* _Task to complete_
All of the data that follows is to be printed exactly, without pictures.

[[ Record extracts, beginning ]]

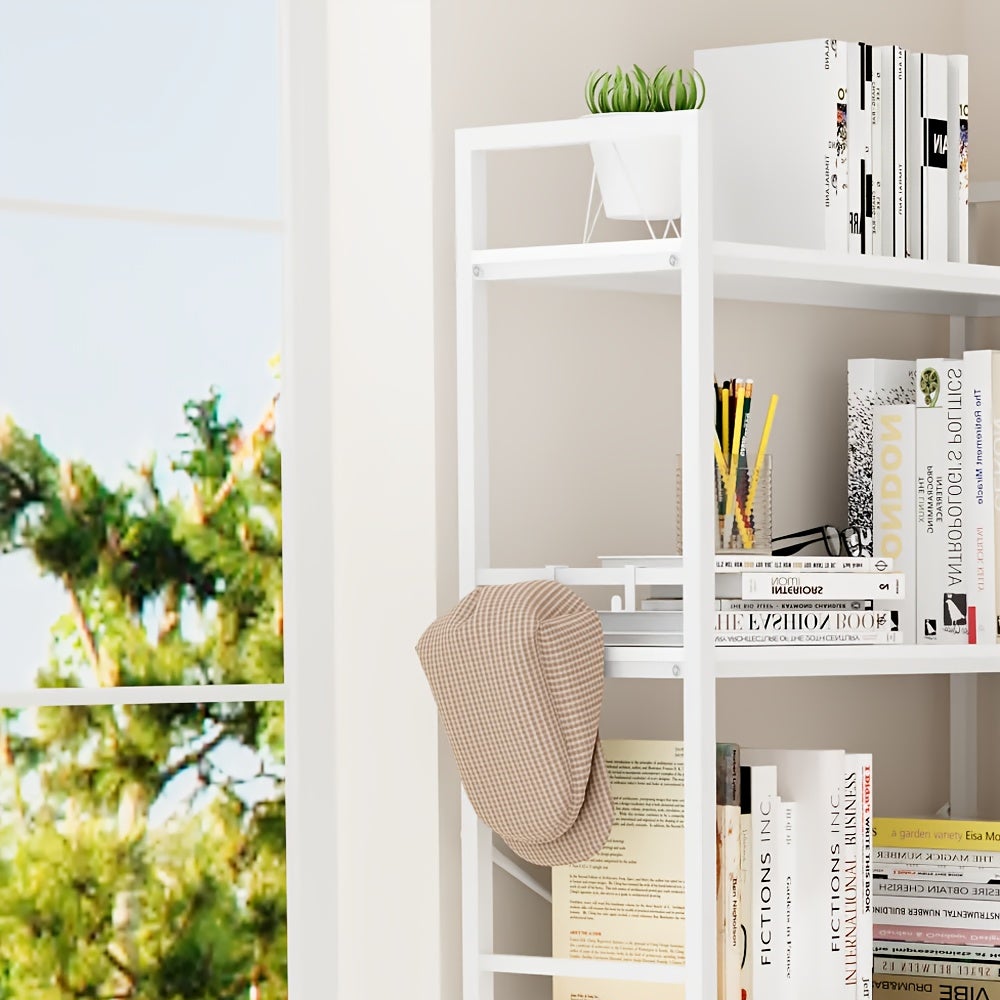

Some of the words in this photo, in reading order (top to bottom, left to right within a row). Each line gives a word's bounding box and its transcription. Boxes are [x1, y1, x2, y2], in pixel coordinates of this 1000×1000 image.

[845, 772, 857, 846] BUSINESS
[899, 828, 931, 840] garden
[934, 830, 963, 842] variety
[965, 830, 983, 842] Eisa
[760, 852, 772, 966] FICTIONS
[831, 843, 841, 952] FICTIONS
[845, 861, 857, 986] INTERNATIONAL
[873, 907, 906, 916] BUILDIN
[907, 908, 941, 917] NUMBER

[[ Record extracts, end ]]

* _Reply_
Some of the words in this photo, in reading order (top to bottom, left to right within a row). Each line gives a word's bounding box and its transcription. Boxes are [x1, y1, x2, y2], in pixel coordinates of this 1000×1000 image.

[845, 772, 857, 846] BUSINESS
[899, 828, 931, 840] garden
[934, 830, 963, 842] variety
[965, 830, 983, 842] Eisa
[760, 852, 772, 966] FICTIONS
[831, 843, 841, 952] FICTIONS
[845, 861, 857, 986] INTERNATIONAL
[873, 907, 906, 916] BUILDIN
[907, 908, 941, 917] NUMBER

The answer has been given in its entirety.